The decision window for this structural outcome is the 2026 to 2028 horizon. The institutional venue layer either gets built during this window or the addressable Canadian share of the global tokenization opportunity gets structurally smaller.

8 Why custody, settlement, and liquidity must be designed together

A common architectural mistake in early-stage tokenization markets is to design custody, settlement, and liquidity as separate problems solved by separate operators on separate rails. This pattern produces fragmentation that limits institutional adoption.

The integrated alternative:

Custody designed for venue settlement. Qualified custody arrangements that explicitly support atomic settlement against tokenized cash on the venue, rather than custody arrangements that require manual transfer coordination outside the venue.

Settlement designed for liquidity flows. Settlement infrastructure that supports continuous secondary-market activity, not just primary issuance, with the operational latency and throughput that continuous trading requires.

Liquidity designed for the institutional buyer base. Market structure that fits institutional buyer mandates (qualified-buyer-only, custody-aware, mandate-compatible) rather than retail crypto market structure ported into the institutional category.

When the three are designed together, they reinforce each other. Custody arrangements support venue settlement, which supports continuous liquidity, which expands the institutional buyer base, which justifies additional issuance, which justifies additional custody capacity. The cycle compounds.

When they are designed separately, the integration costs absorb most of the operational benefit, and the addressable institutional buyer base does not expand at the rate the issuance pipeline requires.

9 The constructive read

Canada's tokenized RWA category has assembled a credible supply side.
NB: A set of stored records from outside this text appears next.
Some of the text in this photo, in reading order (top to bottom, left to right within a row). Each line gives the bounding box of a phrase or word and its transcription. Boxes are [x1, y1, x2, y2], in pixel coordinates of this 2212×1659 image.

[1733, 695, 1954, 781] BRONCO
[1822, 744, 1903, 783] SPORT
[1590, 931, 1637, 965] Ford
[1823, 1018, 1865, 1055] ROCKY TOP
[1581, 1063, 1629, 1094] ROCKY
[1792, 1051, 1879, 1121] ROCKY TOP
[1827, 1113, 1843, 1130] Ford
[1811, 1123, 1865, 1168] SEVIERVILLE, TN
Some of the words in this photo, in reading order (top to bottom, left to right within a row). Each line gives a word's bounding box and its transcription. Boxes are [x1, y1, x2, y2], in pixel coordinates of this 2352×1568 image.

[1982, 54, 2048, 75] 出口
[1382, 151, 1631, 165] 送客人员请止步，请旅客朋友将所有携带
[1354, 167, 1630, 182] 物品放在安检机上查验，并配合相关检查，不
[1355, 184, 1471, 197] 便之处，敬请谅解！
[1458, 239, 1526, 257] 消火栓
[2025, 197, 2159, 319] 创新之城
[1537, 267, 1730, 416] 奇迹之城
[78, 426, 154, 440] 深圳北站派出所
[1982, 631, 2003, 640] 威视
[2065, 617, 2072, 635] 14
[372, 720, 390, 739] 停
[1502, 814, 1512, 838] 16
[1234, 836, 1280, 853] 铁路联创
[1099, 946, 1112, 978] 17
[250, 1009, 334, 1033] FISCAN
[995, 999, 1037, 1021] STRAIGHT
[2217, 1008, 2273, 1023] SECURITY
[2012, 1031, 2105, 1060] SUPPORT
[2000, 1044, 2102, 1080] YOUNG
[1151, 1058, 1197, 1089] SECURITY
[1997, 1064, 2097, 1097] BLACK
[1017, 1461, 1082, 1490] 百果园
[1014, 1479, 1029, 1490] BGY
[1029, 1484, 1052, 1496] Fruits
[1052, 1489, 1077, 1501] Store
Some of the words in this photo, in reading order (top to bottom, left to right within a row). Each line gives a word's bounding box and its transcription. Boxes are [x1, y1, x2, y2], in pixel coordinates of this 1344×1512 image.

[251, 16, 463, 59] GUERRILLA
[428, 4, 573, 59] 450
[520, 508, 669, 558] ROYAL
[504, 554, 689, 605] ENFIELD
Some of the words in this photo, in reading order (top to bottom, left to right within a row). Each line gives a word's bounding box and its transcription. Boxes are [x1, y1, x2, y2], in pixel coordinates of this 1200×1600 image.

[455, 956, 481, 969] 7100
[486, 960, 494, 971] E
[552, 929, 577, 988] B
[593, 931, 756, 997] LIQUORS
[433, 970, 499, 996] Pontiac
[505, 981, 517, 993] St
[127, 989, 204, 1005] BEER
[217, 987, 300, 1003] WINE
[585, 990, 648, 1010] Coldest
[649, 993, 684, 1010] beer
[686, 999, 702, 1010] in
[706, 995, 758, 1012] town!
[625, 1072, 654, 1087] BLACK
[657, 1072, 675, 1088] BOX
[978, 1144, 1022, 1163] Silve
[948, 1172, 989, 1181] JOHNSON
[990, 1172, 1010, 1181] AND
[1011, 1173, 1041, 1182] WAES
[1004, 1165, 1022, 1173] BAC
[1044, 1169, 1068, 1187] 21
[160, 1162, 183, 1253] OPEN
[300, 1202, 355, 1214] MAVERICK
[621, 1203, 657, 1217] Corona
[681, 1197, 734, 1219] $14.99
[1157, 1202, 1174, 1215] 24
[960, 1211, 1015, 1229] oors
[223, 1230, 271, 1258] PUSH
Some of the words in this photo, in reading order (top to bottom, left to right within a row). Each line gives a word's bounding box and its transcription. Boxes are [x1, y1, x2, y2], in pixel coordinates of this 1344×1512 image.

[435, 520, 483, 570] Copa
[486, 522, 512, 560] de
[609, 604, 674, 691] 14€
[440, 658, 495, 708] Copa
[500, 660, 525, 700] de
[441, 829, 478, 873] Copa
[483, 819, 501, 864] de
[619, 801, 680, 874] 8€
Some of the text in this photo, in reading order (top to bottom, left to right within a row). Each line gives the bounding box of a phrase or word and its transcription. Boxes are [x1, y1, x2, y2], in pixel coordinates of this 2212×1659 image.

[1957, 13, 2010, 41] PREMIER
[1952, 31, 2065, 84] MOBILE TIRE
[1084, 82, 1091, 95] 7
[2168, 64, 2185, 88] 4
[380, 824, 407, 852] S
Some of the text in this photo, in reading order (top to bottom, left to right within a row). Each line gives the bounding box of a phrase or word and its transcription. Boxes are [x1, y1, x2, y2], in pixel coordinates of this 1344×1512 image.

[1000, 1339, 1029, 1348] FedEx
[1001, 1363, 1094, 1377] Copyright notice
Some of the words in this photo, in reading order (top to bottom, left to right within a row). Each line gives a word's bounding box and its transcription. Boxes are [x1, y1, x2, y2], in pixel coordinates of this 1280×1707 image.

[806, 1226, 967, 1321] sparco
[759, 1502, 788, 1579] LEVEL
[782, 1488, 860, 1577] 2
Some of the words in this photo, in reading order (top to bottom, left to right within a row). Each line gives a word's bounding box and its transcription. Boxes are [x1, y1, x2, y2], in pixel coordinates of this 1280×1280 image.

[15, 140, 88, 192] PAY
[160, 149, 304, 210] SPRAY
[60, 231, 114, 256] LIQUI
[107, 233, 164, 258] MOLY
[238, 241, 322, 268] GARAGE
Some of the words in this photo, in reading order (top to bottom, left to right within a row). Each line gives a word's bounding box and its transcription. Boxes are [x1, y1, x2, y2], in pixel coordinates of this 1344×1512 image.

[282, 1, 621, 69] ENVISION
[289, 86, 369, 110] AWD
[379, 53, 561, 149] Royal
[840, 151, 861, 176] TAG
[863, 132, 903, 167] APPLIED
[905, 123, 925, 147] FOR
Pineapple's mortgage tokenization, T-RIZE's multi-asset issuance, Ocree's commercial real estate, AuCan Gold's tokenized bullion, and the regulated CAD stablecoin and tokenized deposit layer collectively represent the most coherent tokenization supply infrastructure in the country's history. The pieces are in place. The pipeline is real.

What is missing is the liquidity layer. The regulated multi-institution marketplace, custody-integrated, multi-instrument-settlement, cross-jurisdictionally interoperable, supervisory-access-from-inception venue that converts static tokenized claims into tradable institutional instruments. Without that layer, the supply pipeline will eventually plateau against an absent demand and liquidity infrastructure. With it, the supply pipeline expands into a working national market with credible Canadian capture of the multi-trillion-dollar global tokenization opportunity.

That layer is what 4orm Finance is being designed to operate. The supply side has done its part of the work. The infrastructure layer is the build that follows. Issuance is not the bottleneck. Liquidity is.

Background and Sources

This report is institutional research from KCS Capital. It is for informational purposes only and does not constitute an offer or solicitation to buy or sell securities. KCS Capital Inc. is an independent technology and research firm; 4orm Finance operates as a separate regulated entity.